A chorus of downbeat remarks from Wall Street leaders on Tuesday further weighed on already slumping sentiment this week as many expressed concerns over the toll of inflation and elevated interest rates on U.S. consumers.
JPMorgan Chief Executive Officer Jamie Dimon said the $1.5 trillion in excess savings across Americans’ bank accounts were being eroded by rising prices, while warning the dwindling disposable cash may “derail the economy and cause this mild or hard recession that people are worried about.” Bank of America chief Brian Moynihan echoed a similar message, indicating that while consumers are still spending money, the pace is beginning to slow.
Meanwhile, Goldman Sachs (GS) CEO David Solomon projected stocks will barrel lower in 2023 and placed the probability of a soft landing at a mere 35% – a view at odds with in-house economists at his investment bank, who anticipate in their baseline forecast that the U.S. will narrowly avoid a recession next year.
“There’s a very reasonable possibility that we could have a recession of some kind,” Solomon said in an interview at the Wall Street Journal’s CEO Council Summit Wednesday afternoon.
Reports that China’s government will scale back some zero-COVID rules appeared to underwhelm investors weighing easing restrictions against economic data out of the nation that showed falling imports and exports in November.
Back in the U.S., shares of Campbell Soup (CPB) rose nearly 6% after the canned goods producer reported earnings that beat Wall Street estimate and raised its full-year forecast.

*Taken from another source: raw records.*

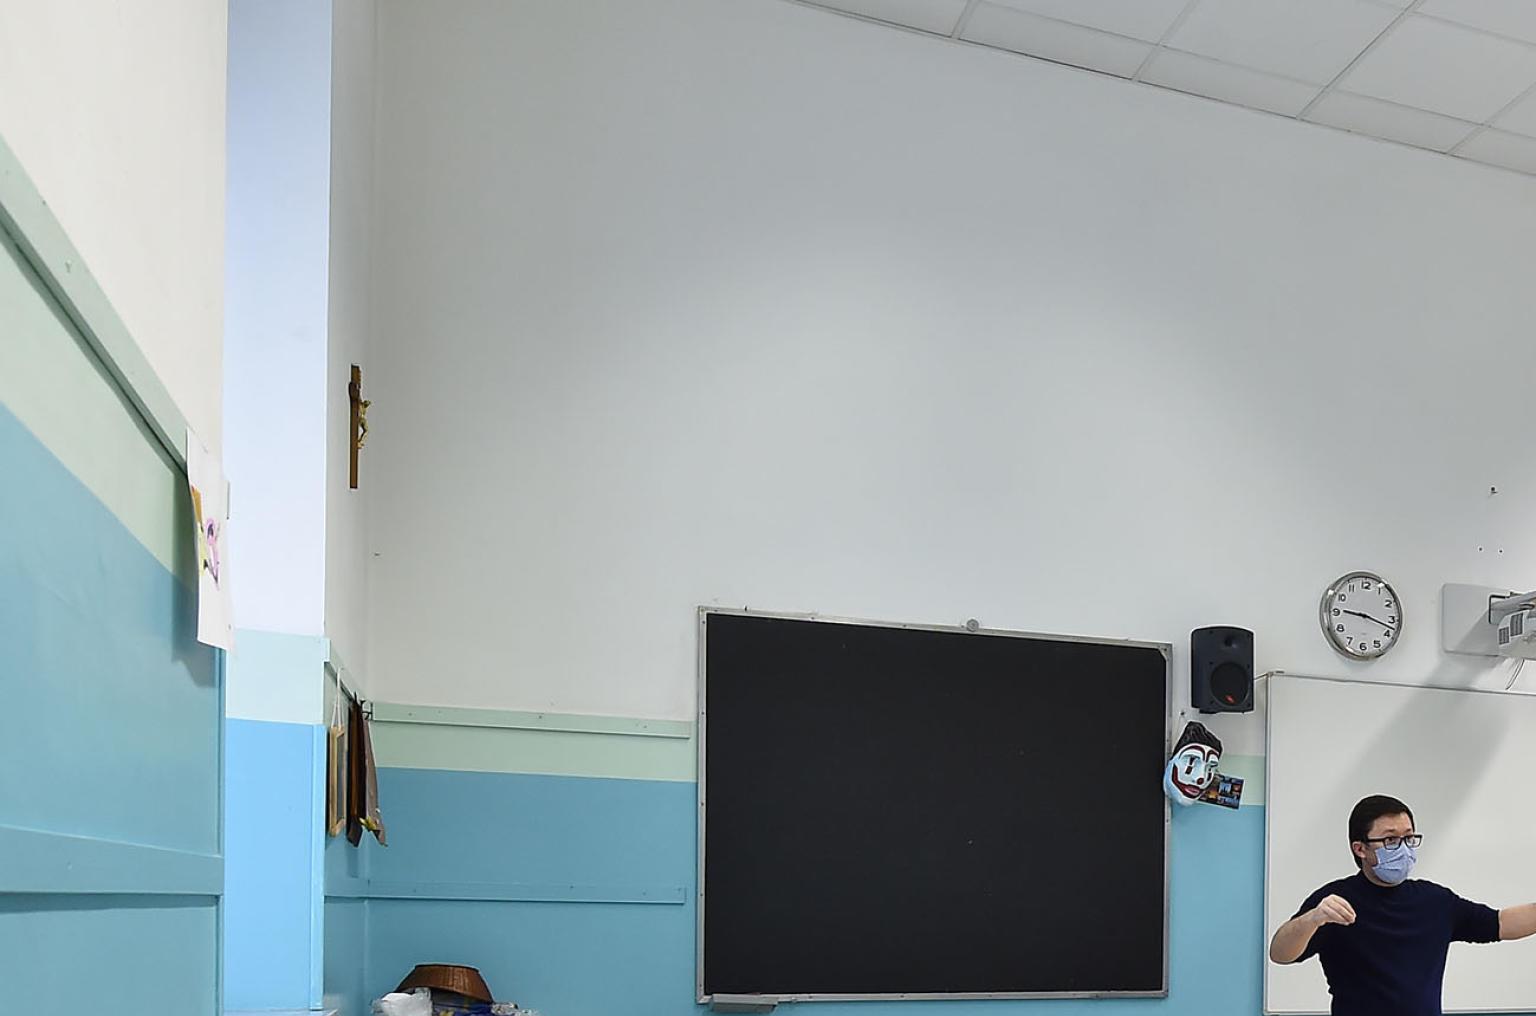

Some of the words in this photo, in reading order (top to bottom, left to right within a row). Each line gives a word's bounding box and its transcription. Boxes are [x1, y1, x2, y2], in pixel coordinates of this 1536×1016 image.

[1348, 584, 1355, 593] 11
[1361, 581, 1371, 590] 12
[1338, 593, 1346, 602] 10
[1385, 600, 1393, 608] 2
[1332, 608, 1340, 617] 9
[1388, 615, 1396, 624] 3
[1336, 624, 1345, 632] 8
[1383, 629, 1391, 637] 4
[1346, 636, 1353, 645] 7
[1373, 639, 1382, 648] 5
[1359, 642, 1367, 651] 6

The company said sales of soup in the U.S. jumped 11% due to increases in demand for ready-to-serve soups, condensed soups and broth, reflecting a recent shift among consumers to value food purchases as inflation continues to weigh on households.

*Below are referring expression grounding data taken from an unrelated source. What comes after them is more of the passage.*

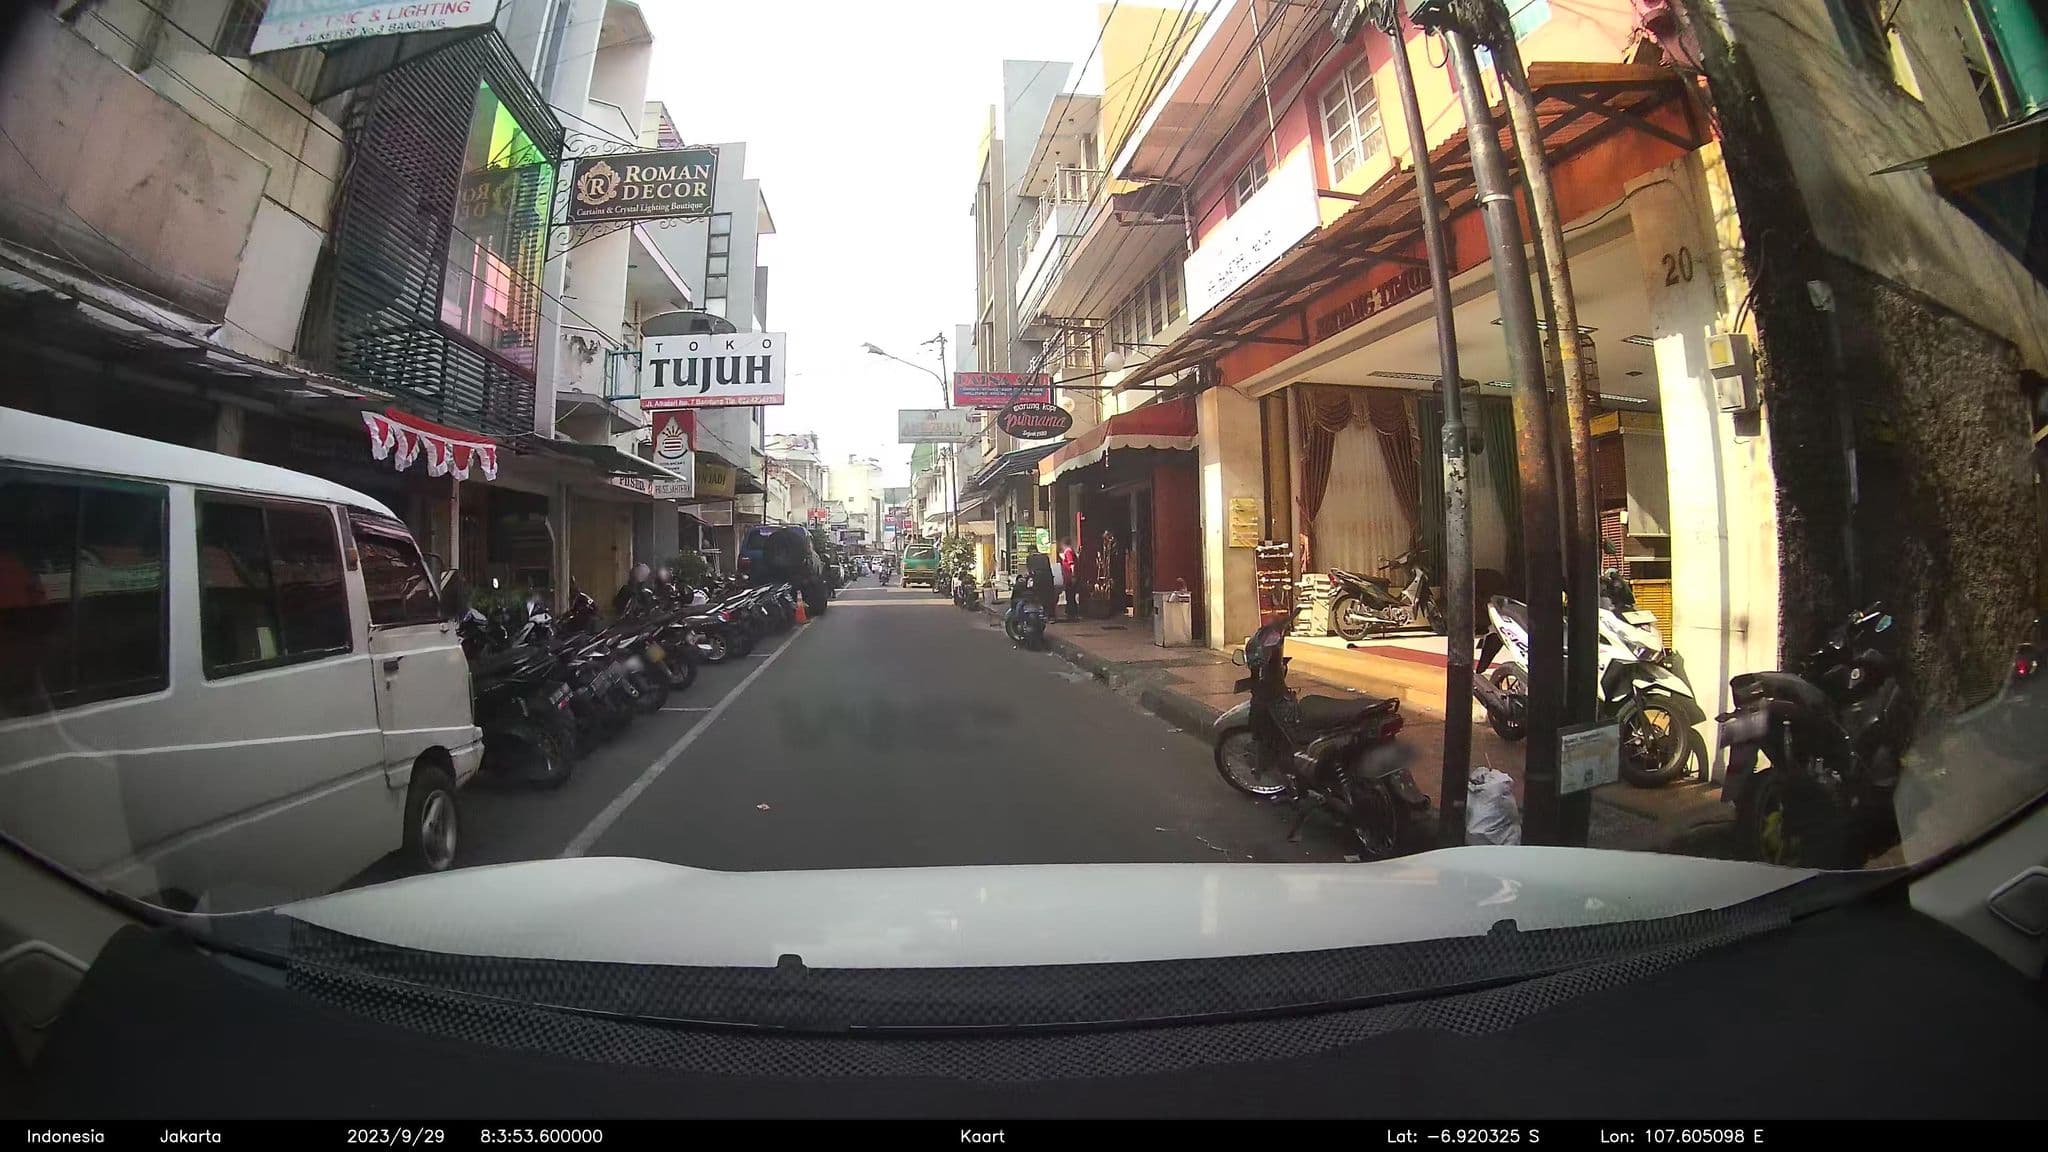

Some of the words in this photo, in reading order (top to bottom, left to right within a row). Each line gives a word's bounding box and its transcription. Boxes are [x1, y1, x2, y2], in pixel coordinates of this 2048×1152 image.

[368, 10, 381, 22] &
[387, 1, 471, 21] LIGHTING
[387, 18, 447, 33] BANDUNG
[623, 164, 712, 183] ROMAN
[621, 182, 709, 201] DECOR
[576, 207, 605, 217] Curtains
[606, 206, 613, 214] &
[614, 203, 639, 215] Crystal
[640, 202, 670, 214] Lighting
[671, 201, 704, 212] Boutique
[1662, 246, 1694, 287] 20
[655, 338, 772, 353] TOKO
[649, 354, 773, 394] TUJUH
[1013, 402, 1040, 413] warung
[1004, 411, 1067, 433] purnama

Shares of Apple (AAPL) sank 1.4%, one day after Bloomberg News reported the iPhone-maker scaled back ambitious self-driving plans for its future electric vehicle and postponed the car’s release data to 2026. Bloomberg also reported Wednesday morning that mobile industry bellwether Murata Manufacturing expects Apple will further reduce production plans for its iPhone 14 due to weakening demand.

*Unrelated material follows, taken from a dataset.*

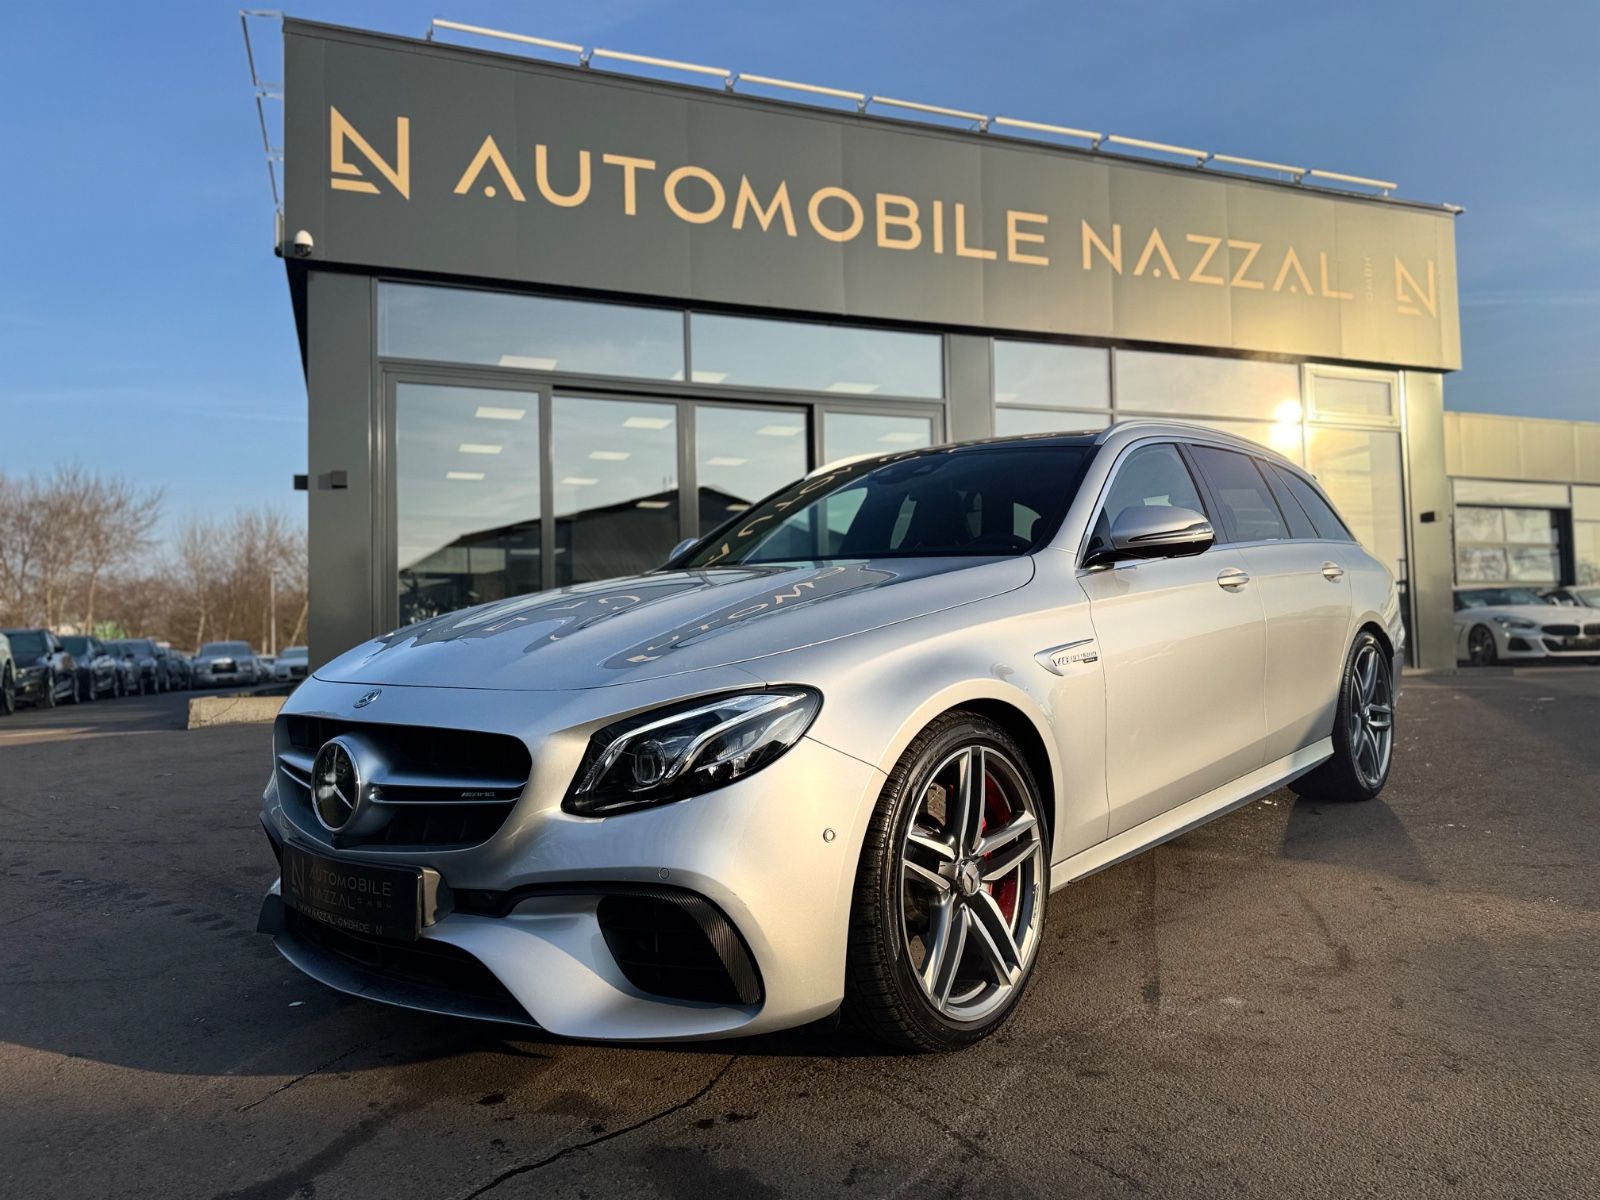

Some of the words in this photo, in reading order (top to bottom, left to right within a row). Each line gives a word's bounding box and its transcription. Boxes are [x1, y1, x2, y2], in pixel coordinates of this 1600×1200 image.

Online used car retailer Carvana (CVNA) was also in the spotlight after plunging about 43% after the company’s biggest creditors reportedly signed an agreement to cooperate in potential restructuring negotiations as the company faces growing bankruptcy risk.
Investors await another round of economic data as the Federal Reserve’s final rate-setting meeting this year approaches. Readings on weekly jobless claims, producer price inflation, and consumer sentiment are due out later this week, but the most important data point for clues on the Fed’s direction for interest rates is the Consumer Price Index (CPI) out Tuesday, the same day U.S. central bank officials kick off their last two-day rate-setting meeting of 2022.